司馬懿[仲達]
179~251 最高官位:太傅 『晋書』立伝
- 数多くの大計を有し、学識や見聞が広く、儒教の経典をしっかりと学んだ 「知・政」
- 楊俊に大器と評価された (政)
- 崔琰は司馬朗(司馬懿の兄)に「君の弟は、君より遥かに聡明で果断な人物だ」と述べた (政?)

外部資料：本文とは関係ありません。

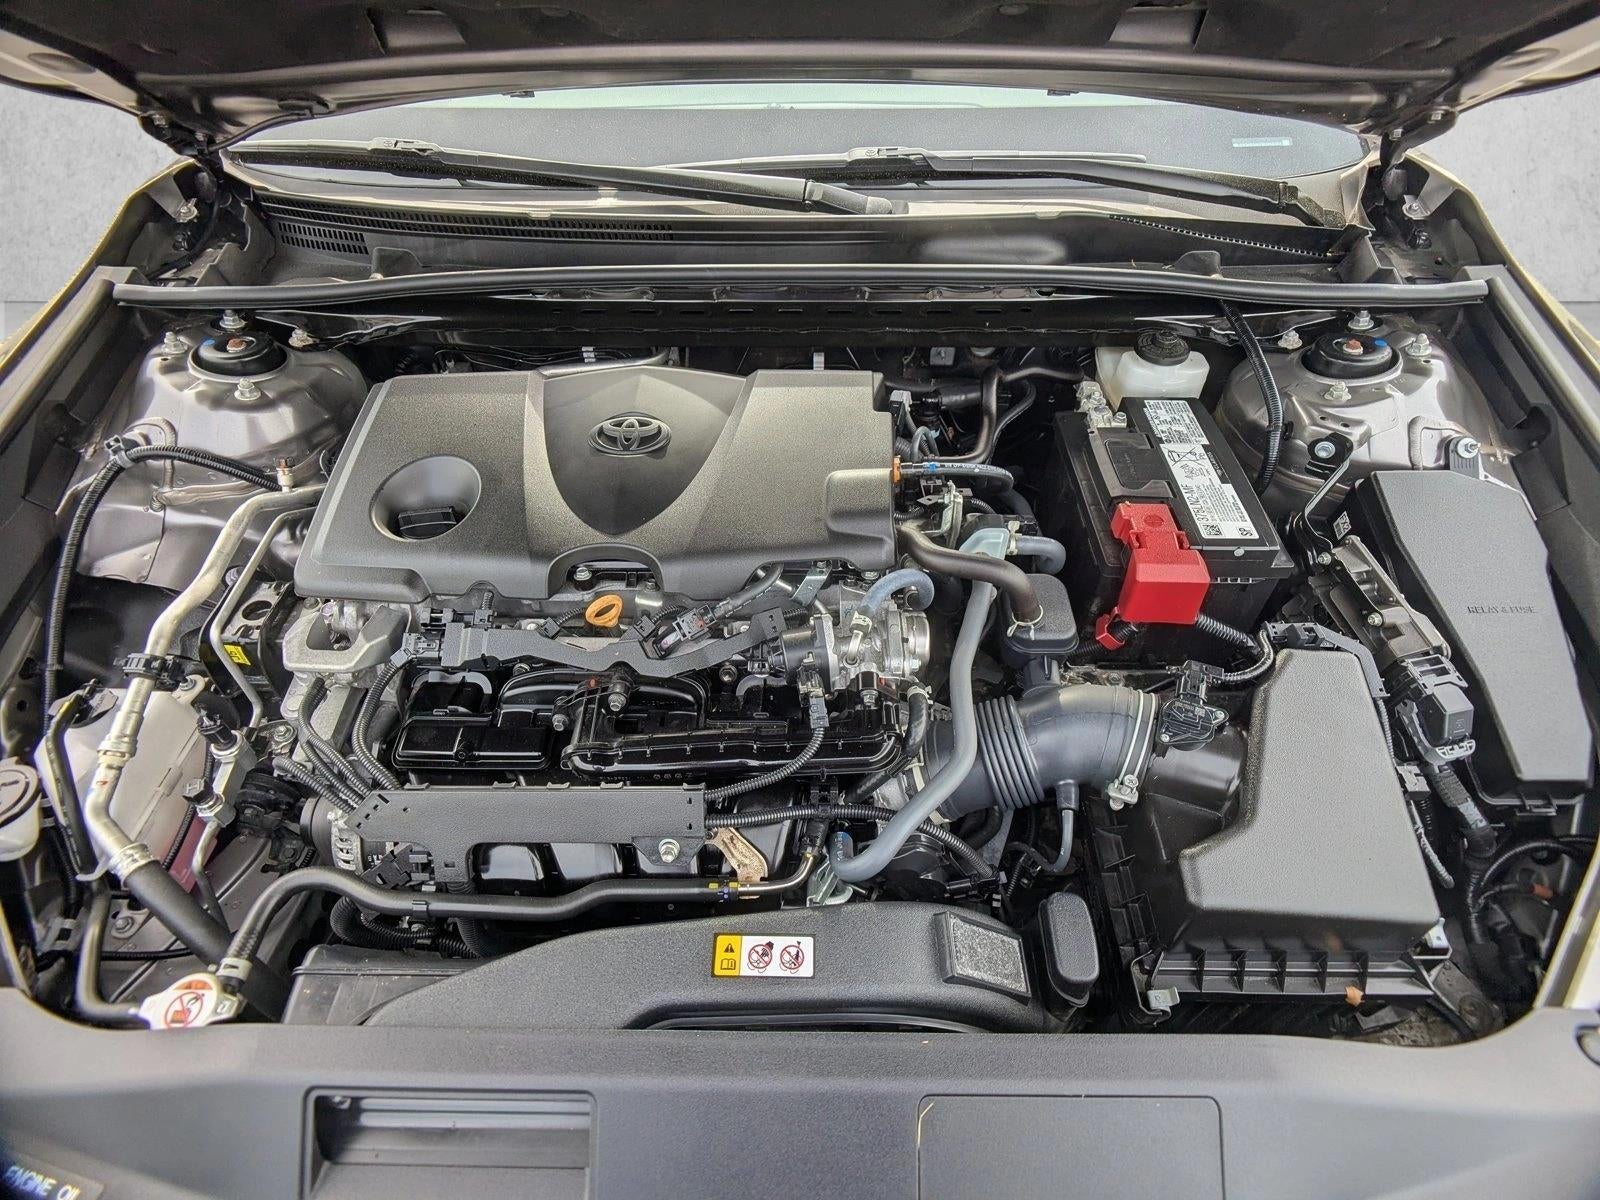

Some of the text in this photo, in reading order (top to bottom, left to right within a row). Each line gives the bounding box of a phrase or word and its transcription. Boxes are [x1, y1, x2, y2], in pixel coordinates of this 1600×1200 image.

[1467, 606, 1499, 614] RELAY
[1509, 606, 1538, 614] FUSE
[3, 1165, 57, 1196] ENGINE
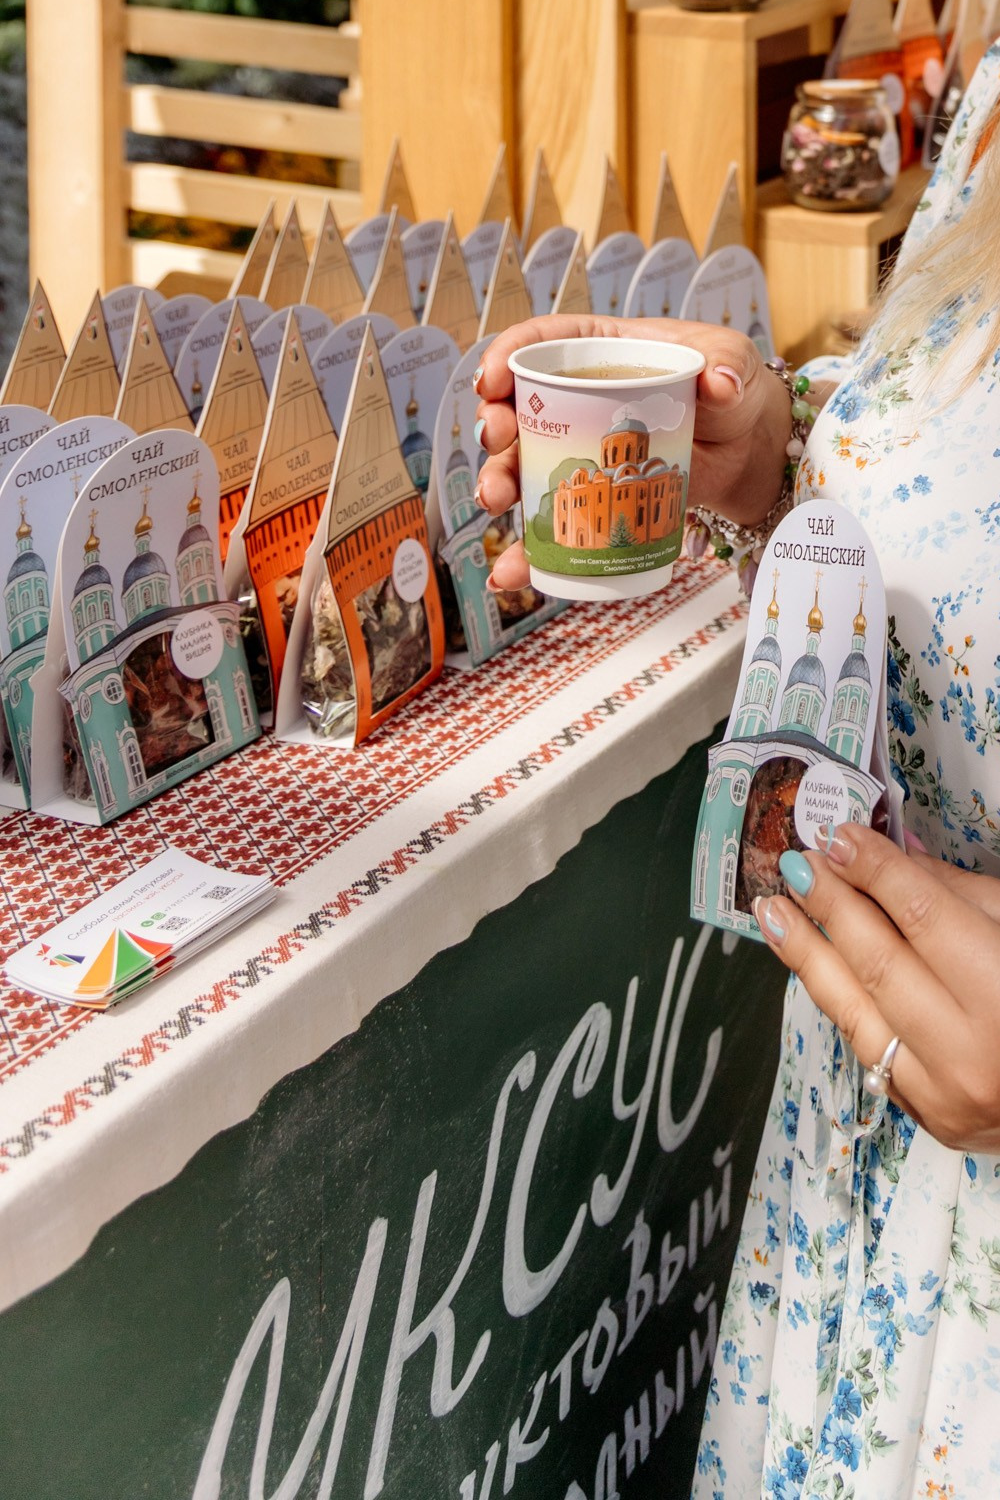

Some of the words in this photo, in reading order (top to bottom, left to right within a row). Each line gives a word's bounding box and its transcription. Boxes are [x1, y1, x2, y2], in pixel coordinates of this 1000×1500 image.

[540, 419, 571, 435] ФЕСТ
[57, 427, 91, 451] ЧАЙ
[132, 441, 164, 464] ЧАЙ
[286, 449, 311, 471] ЧАЙ
[88, 449, 200, 502] СМОЛЕНСКИЙ
[260, 460, 335, 507] СМОЛЕНСКИ
[358, 466, 379, 488] ЧАЙ
[335, 473, 404, 525] СМОЛЕНСКИЙ
[807, 514, 835, 536] ЧАЙ
[569, 556, 586, 565] Храм
[773, 541, 866, 567] СМОЛЕНСКИЙ
[175, 621, 213, 642] КЛУБНИКА
[180, 632, 213, 652] МАЛИНА
[804, 780, 844, 798] КЛУБНИКА
[804, 796, 839, 812] МАЛИНА
[805, 810, 834, 825] ВИШНЯ
[67, 913, 109, 941] Слобода

- 蜀を手に入れたばかりの劉備を攻めるよう進言したが、曹操は従わなかった 「知?」
- 常に国家の大計に与り、その度に優れた策を献じた 「知」
- 人民が農耕に従事するよう勧め、国を富ませた 「政」
- 荊州刺史の胡脩、南郷太守の傅方の任用に反対した。于禁の軍が壊滅すると、両名は関羽に投降した 「知」
- 関羽が迫る状況で遷都に反対し、孫権に後方を襲撃させるよう進言した 「知」
- 関羽が迫る潁川の住民を移住させる策に同様を招くと反対した 「知」
- 曹操の葬儀を取り仕切り、内外を粛然とさせた 「統?政?」
- 孫権が荊州に迫ると、襄陽を放棄することに反対した。曹丕はこれに従わず曹仁に襄陽を放棄させたが、孫権が襲来することはなかった 「知」
- 曹丕が呉へ親征すると、都の抑えとして許都に留まり、民の統治と物資の補給を受け持った 「統・政」
- 江夏を包囲した孫権、襄陽を攻撃した諸葛瑾らを破った 「統・武」
- 後に反乱を起こす孟達を重用しないよう勧めた 「知」
- 孟達に手紙を送って決起を遅らせた 「知」
- 叛意を持った孟達に対して勅許も待たず、速攻で反乱を鎮圧した 「統・武・知」
- 農業を奨励し、浪費を禁じ、人心を集めた 「政」
- 勅命を偽造していた申儀を都へ送還した
- 孟達の配下だった七千家余りを幽州に移住させた 「統?」
- 敵国から魏に下った人々に対し、大まかな法で根本のみを定め、人々が不安がることなく暮らせるよう勧めた 「政」
- 呉に対し、陸軍をもって皖へ進撃し孫権を東に引きつけ、さらに水軍で夏口を攻めるよう進言した 「知」
- 曹真と共に蜀を攻めたが、大雨に遭って軍を返した
- 軍を分割し後方の守りを置くべきとする張郃の進言を退けた 「知」
- 上邽の麦を刈り取ろうとした諸葛亮に対し、昼夜兼行で軍を進めてそれを防いだ 「統・知」
- 鹵城に屯営した諸葛亮を破った 「統・武」
- 三度城攻めに失敗した諸葛亮が、次は間を空けて野戦で挑んでくることを予測した 「知」
- 冀州の農民を上邽に移し耕作を行わせ、京兆などの製鉄を統制するよう上表した 「政」
- 成国渠を掘削し、臨晋陂を築いた。これによって数千頃の農地を灌漑して整備し、国力を充実させた 「統・政」
- 諸葛亮の侵攻に対し、渭水の南が争奪の的になると予測し、そこに砦を築いた 「統・知」
- 奇襲部隊を追い込んで諸葛亮の背後から敵を破った 「統・知」
- 軍を宥めるため、本当は戦意がないにもかかわらず、曹叡に出撃許可を求めた。曹叡はそれを汲んで出撃を禁じた 「統・知」
- 蜀の馬岱が攻め込んでくると、牛金にこれを迎え撃たせ、撃破した 「統」
- 関東で飢饉が発生すると、長安の粟を都に輸送した 「統」
- 曹叡の宮殿造営を諌めた 「政」
- 公孫淵が下策である防衛戦に臨むことを予測した 「知」
- 公孫淵軍の守りを無視して襄平に進もうとし、慌てふためいたその軍を撃ち破った 「統・武・知」
- 孫権は公孫淵に「司馬懿は用兵の達人、変幻自在なること神の如し」と伝えた (統・武・知)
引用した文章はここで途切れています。